*Exercise objective*
The response should be an exact transcription of the data below, free of images.

*Exercise inputs*
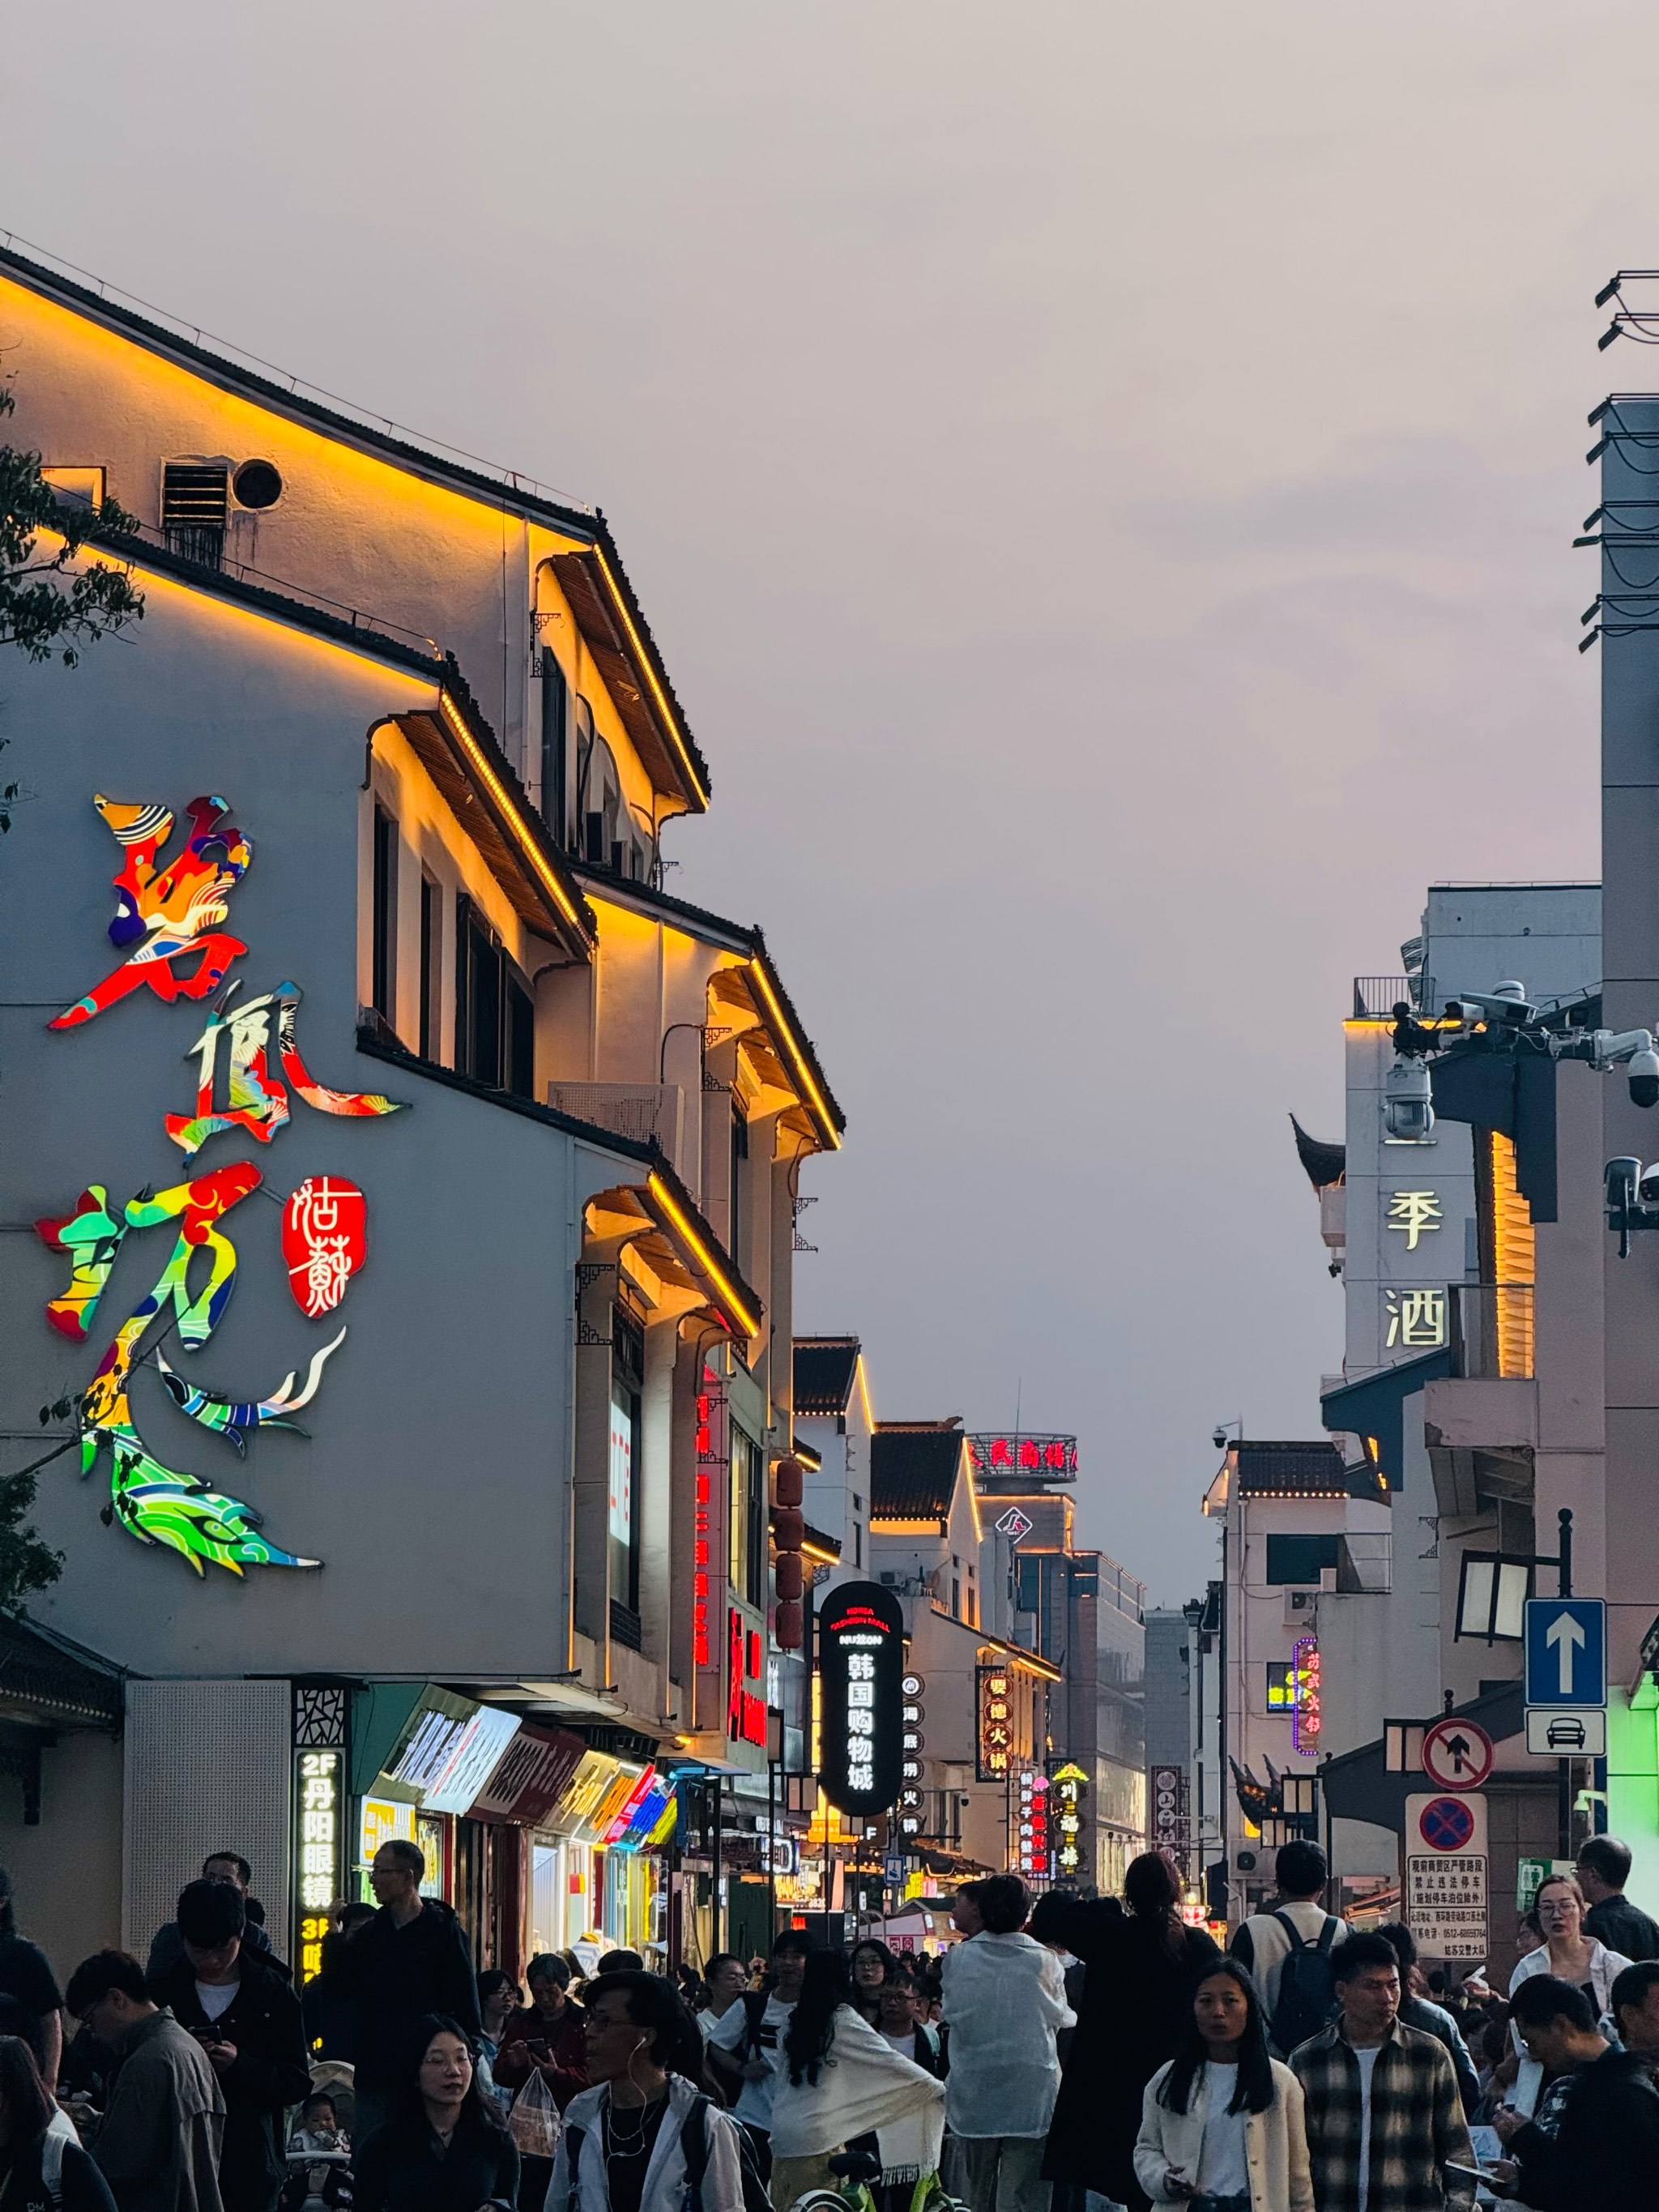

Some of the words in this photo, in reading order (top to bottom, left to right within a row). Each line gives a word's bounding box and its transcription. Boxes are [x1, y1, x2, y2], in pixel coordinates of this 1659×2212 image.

[1384, 1139, 1444, 1347] 季酒
[847, 1606, 874, 1616] KOREA
[868, 1617, 891, 1633] MALL
[847, 1653, 874, 1791] 韩国购物城
[989, 1679, 1008, 1770] 要德火锅
[302, 1753, 336, 1776] 2F
[902, 1706, 919, 1834] 海底捞火锅
[302, 1777, 335, 1908] 丹阳眼镜
[1412, 1859, 1483, 1873] 观前商贸区严管路段
[1414, 1876, 1481, 1890] 禁止违法停车

*Exercise result*
Some of the words in this photo, in reading order (top to bottom, left to right within a row). Each line gives a word's bounding box and its transcription. Boxes are [x1, y1, x2, y2], in pixel coordinates of this 1659×2212 image.

[1384, 1139, 1444, 1347] 季酒
[847, 1606, 874, 1616] KOREA
[868, 1617, 891, 1633] MALL
[847, 1653, 874, 1791] 韩国购物城
[989, 1679, 1008, 1770] 要德火锅
[302, 1753, 336, 1776] 2F
[902, 1706, 919, 1834] 海底捞火锅
[302, 1777, 335, 1908] 丹阳眼镜
[1412, 1859, 1483, 1873] 观前商贸区严管路段
[1414, 1876, 1481, 1890] 禁止违法停车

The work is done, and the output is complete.